| Supplied entries |
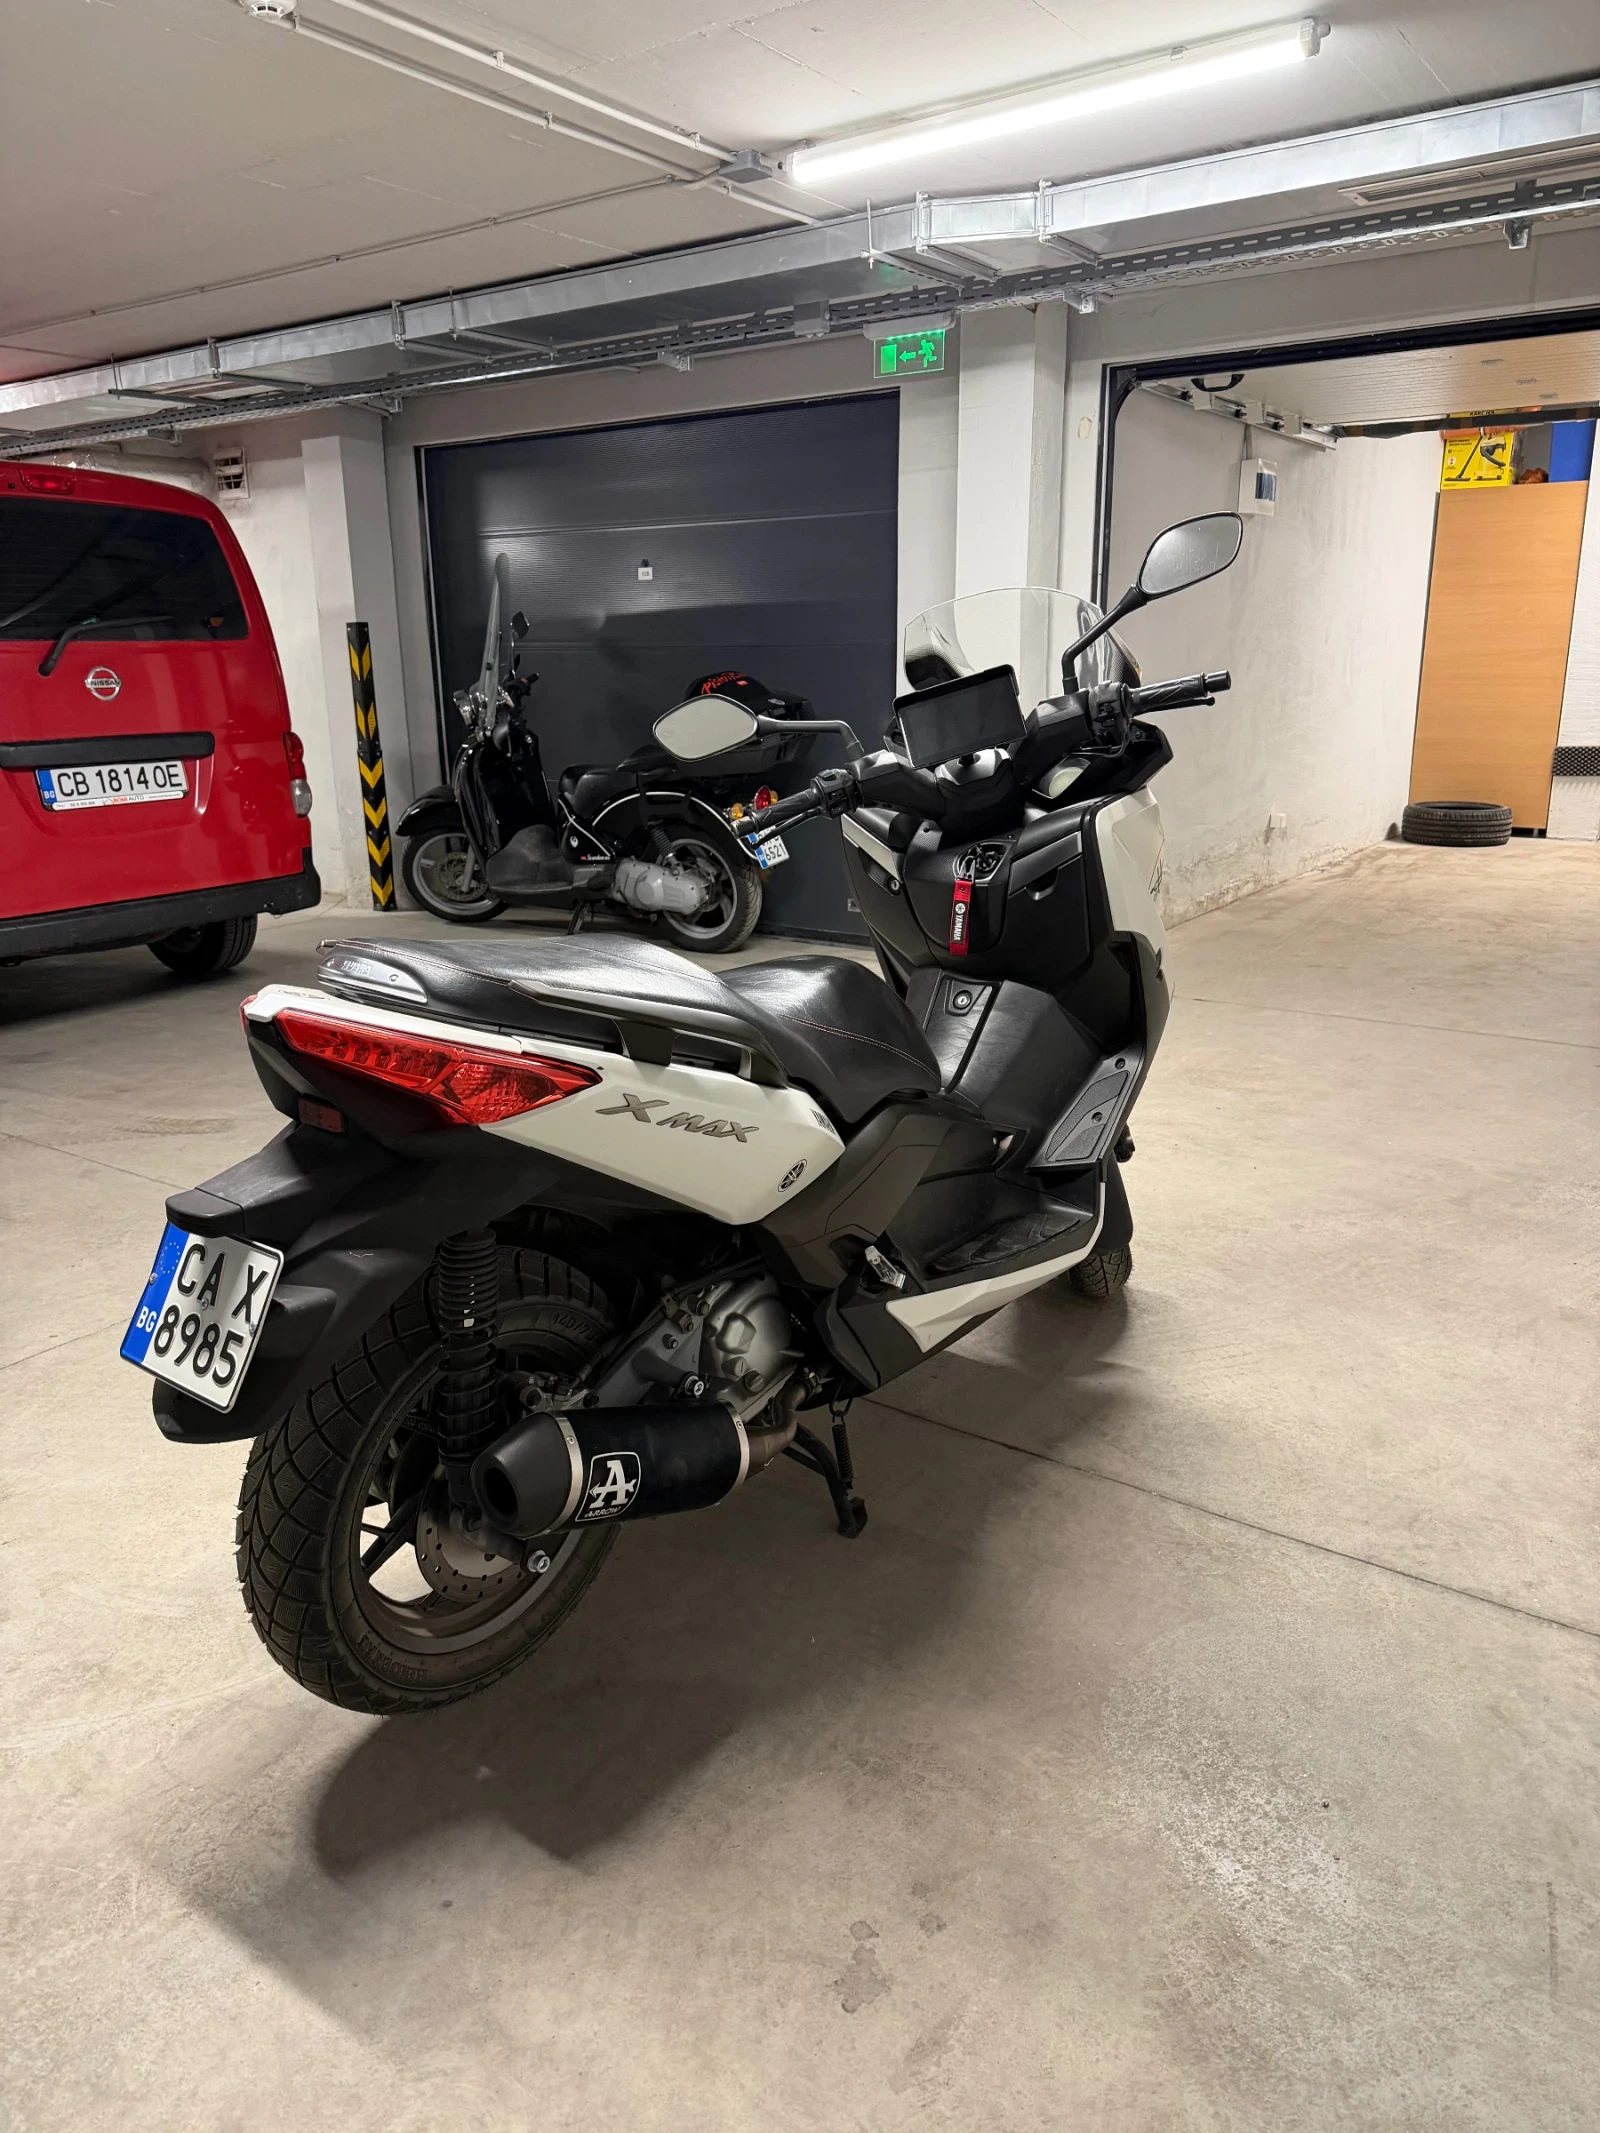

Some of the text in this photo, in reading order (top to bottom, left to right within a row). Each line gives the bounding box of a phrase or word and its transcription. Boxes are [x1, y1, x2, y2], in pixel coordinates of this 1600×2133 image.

[90, 679, 120, 687] NISSAN
[44, 790, 55, 799] BG
[57, 771, 90, 797] CB
[95, 766, 149, 793] 1814
[953, 914, 964, 941] YAMAHA
[136, 1306, 157, 1333] BG
[154, 1304, 245, 1387] 8985
[584, 1506, 621, 1518] ARROW

| What is expected |
Repeat the listing in full and exactly. Do not include any images.

| Finished task |
Some of the text in this photo, in reading order (top to bottom, left to right within a row). Each line gives the bounding box of a phrase or word and its transcription. Boxes are [x1, y1, x2, y2], in pixel coordinates of this 1600×2133 image.

[90, 679, 120, 687] NISSAN
[44, 790, 55, 799] BG
[57, 771, 90, 797] CB
[95, 766, 149, 793] 1814
[953, 914, 964, 941] YAMAHA
[136, 1306, 157, 1333] BG
[154, 1304, 245, 1387] 8985
[584, 1506, 621, 1518] ARROW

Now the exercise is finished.